### GOAL OF THE EXERCISE
Word for word, print every entry below.

### RECORDS PROVIDED
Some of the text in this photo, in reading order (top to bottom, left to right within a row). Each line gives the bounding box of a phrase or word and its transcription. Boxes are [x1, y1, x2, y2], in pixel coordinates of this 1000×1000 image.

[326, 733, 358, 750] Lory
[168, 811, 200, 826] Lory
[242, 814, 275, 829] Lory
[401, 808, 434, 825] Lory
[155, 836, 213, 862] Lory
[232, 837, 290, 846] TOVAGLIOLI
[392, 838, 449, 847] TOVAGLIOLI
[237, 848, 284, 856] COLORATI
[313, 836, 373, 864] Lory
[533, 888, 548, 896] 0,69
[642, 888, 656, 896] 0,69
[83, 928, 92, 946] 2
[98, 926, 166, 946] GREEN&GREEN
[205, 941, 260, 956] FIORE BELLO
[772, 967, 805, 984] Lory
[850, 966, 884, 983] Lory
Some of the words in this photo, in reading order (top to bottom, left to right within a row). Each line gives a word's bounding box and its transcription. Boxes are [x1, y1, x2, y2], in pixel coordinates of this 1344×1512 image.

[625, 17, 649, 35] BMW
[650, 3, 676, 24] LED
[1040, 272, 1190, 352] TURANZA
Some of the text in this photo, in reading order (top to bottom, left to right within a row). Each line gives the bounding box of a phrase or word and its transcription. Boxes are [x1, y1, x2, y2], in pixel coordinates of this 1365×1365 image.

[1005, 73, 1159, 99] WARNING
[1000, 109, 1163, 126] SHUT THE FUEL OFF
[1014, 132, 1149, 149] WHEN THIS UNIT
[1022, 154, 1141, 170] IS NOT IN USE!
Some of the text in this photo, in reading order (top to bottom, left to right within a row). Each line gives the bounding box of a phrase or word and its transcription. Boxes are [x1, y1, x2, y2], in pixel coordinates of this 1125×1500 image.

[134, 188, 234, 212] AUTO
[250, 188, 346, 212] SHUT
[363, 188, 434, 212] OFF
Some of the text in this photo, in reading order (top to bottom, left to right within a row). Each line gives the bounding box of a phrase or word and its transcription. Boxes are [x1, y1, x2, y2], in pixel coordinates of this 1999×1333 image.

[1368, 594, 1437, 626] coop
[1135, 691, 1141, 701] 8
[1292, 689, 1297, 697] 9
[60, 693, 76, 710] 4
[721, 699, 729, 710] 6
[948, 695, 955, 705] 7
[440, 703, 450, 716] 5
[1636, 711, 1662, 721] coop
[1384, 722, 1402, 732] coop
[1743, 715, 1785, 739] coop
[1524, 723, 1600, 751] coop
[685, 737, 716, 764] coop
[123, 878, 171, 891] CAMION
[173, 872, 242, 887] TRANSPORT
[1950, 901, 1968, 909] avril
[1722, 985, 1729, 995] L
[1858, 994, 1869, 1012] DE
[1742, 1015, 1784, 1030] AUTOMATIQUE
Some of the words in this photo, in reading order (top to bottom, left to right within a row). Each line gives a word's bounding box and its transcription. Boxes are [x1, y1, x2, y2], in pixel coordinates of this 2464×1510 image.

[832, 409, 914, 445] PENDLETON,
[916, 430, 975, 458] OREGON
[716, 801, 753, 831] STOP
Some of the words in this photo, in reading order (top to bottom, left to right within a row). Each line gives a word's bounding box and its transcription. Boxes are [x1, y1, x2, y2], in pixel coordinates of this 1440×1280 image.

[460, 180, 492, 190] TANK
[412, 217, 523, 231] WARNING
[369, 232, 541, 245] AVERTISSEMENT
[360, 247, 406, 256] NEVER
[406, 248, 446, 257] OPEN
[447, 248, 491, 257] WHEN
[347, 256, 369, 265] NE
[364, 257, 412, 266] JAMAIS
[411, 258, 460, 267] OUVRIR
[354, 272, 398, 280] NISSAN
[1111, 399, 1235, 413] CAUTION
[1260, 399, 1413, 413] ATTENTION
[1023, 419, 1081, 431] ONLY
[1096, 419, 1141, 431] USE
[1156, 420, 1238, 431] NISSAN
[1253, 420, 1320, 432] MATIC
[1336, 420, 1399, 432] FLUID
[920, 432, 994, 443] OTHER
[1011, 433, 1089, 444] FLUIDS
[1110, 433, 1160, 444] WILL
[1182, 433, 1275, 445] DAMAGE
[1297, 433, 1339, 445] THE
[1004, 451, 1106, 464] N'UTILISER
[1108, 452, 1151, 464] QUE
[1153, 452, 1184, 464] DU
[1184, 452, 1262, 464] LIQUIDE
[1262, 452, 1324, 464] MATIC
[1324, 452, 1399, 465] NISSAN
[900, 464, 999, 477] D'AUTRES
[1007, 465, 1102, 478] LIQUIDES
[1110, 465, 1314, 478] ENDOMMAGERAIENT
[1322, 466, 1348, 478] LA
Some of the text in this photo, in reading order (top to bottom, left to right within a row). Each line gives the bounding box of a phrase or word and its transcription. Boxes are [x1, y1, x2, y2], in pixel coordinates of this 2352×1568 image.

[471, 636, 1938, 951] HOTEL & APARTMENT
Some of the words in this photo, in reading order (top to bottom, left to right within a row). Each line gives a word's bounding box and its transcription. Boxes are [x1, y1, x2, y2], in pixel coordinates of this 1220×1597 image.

### WRITTEN ANSWER
Some of the text in this photo, in reading order (top to bottom, left to right within a row). Each line gives the bounding box of a phrase or word and its transcription. Boxes are [x1, y1, x2, y2], in pixel coordinates of this 1000×1000 image.

[326, 733, 358, 750] Lory
[168, 811, 200, 826] Lory
[242, 814, 275, 829] Lory
[401, 808, 434, 825] Lory
[155, 836, 213, 862] Lory
[232, 837, 290, 846] TOVAGLIOLI
[392, 838, 449, 847] TOVAGLIOLI
[237, 848, 284, 856] COLORATI
[313, 836, 373, 864] Lory
[533, 888, 548, 896] 0,69
[642, 888, 656, 896] 0,69
[83, 928, 92, 946] 2
[98, 926, 166, 946] GREEN&GREEN
[205, 941, 260, 956] FIORE BELLO
[772, 967, 805, 984] Lory
[850, 966, 884, 983] Lory
Some of the words in this photo, in reading order (top to bottom, left to right within a row). Each line gives a word's bounding box and its transcription. Boxes are [x1, y1, x2, y2], in pixel coordinates of this 1344×1512 image.

[625, 17, 649, 35] BMW
[650, 3, 676, 24] LED
[1040, 272, 1190, 352] TURANZA
Some of the text in this photo, in reading order (top to bottom, left to right within a row). Each line gives the bounding box of a phrase or word and its transcription. Boxes are [x1, y1, x2, y2], in pixel coordinates of this 1365×1365 image.

[1005, 73, 1159, 99] WARNING
[1000, 109, 1163, 126] SHUT THE FUEL OFF
[1014, 132, 1149, 149] WHEN THIS UNIT
[1022, 154, 1141, 170] IS NOT IN USE!
Some of the text in this photo, in reading order (top to bottom, left to right within a row). Each line gives the bounding box of a phrase or word and its transcription. Boxes are [x1, y1, x2, y2], in pixel coordinates of this 1125×1500 image.

[134, 188, 234, 212] AUTO
[250, 188, 346, 212] SHUT
[363, 188, 434, 212] OFF
Some of the text in this photo, in reading order (top to bottom, left to right within a row). Each line gives the bounding box of a phrase or word and its transcription. Boxes are [x1, y1, x2, y2], in pixel coordinates of this 1999×1333 image.

[1368, 594, 1437, 626] coop
[1135, 691, 1141, 701] 8
[1292, 689, 1297, 697] 9
[60, 693, 76, 710] 4
[721, 699, 729, 710] 6
[948, 695, 955, 705] 7
[440, 703, 450, 716] 5
[1636, 711, 1662, 721] coop
[1384, 722, 1402, 732] coop
[1743, 715, 1785, 739] coop
[1524, 723, 1600, 751] coop
[685, 737, 716, 764] coop
[123, 878, 171, 891] CAMION
[173, 872, 242, 887] TRANSPORT
[1950, 901, 1968, 909] avril
[1722, 985, 1729, 995] L
[1858, 994, 1869, 1012] DE
[1742, 1015, 1784, 1030] AUTOMATIQUE
Some of the words in this photo, in reading order (top to bottom, left to right within a row). Each line gives a word's bounding box and its transcription. Boxes are [x1, y1, x2, y2], in pixel coordinates of this 2464×1510 image.

[832, 409, 914, 445] PENDLETON,
[916, 430, 975, 458] OREGON
[716, 801, 753, 831] STOP
Some of the words in this photo, in reading order (top to bottom, left to right within a row). Each line gives a word's bounding box and its transcription. Boxes are [x1, y1, x2, y2], in pixel coordinates of this 1440×1280 image.

[460, 180, 492, 190] TANK
[412, 217, 523, 231] WARNING
[369, 232, 541, 245] AVERTISSEMENT
[360, 247, 406, 256] NEVER
[406, 248, 446, 257] OPEN
[447, 248, 491, 257] WHEN
[347, 256, 369, 265] NE
[364, 257, 412, 266] JAMAIS
[411, 258, 460, 267] OUVRIR
[354, 272, 398, 280] NISSAN
[1111, 399, 1235, 413] CAUTION
[1260, 399, 1413, 413] ATTENTION
[1023, 419, 1081, 431] ONLY
[1096, 419, 1141, 431] USE
[1156, 420, 1238, 431] NISSAN
[1253, 420, 1320, 432] MATIC
[1336, 420, 1399, 432] FLUID
[920, 432, 994, 443] OTHER
[1011, 433, 1089, 444] FLUIDS
[1110, 433, 1160, 444] WILL
[1182, 433, 1275, 445] DAMAGE
[1297, 433, 1339, 445] THE
[1004, 451, 1106, 464] N'UTILISER
[1108, 452, 1151, 464] QUE
[1153, 452, 1184, 464] DU
[1184, 452, 1262, 464] LIQUIDE
[1262, 452, 1324, 464] MATIC
[1324, 452, 1399, 465] NISSAN
[900, 464, 999, 477] D'AUTRES
[1007, 465, 1102, 478] LIQUIDES
[1110, 465, 1314, 478] ENDOMMAGERAIENT
[1322, 466, 1348, 478] LA
Some of the text in this photo, in reading order (top to bottom, left to right within a row). Each line gives the bounding box of a phrase or word and its transcription. Boxes are [x1, y1, x2, y2], in pixel coordinates of this 2352×1568 image.

[471, 636, 1938, 951] HOTEL & APARTMENT
Some of the words in this photo, in reading order (top to bottom, left to right within a row). Each line gives a word's bounding box and its transcription. Boxes are [x1, y1, x2, y2], in pixel coordinates of this 1220×1597 image.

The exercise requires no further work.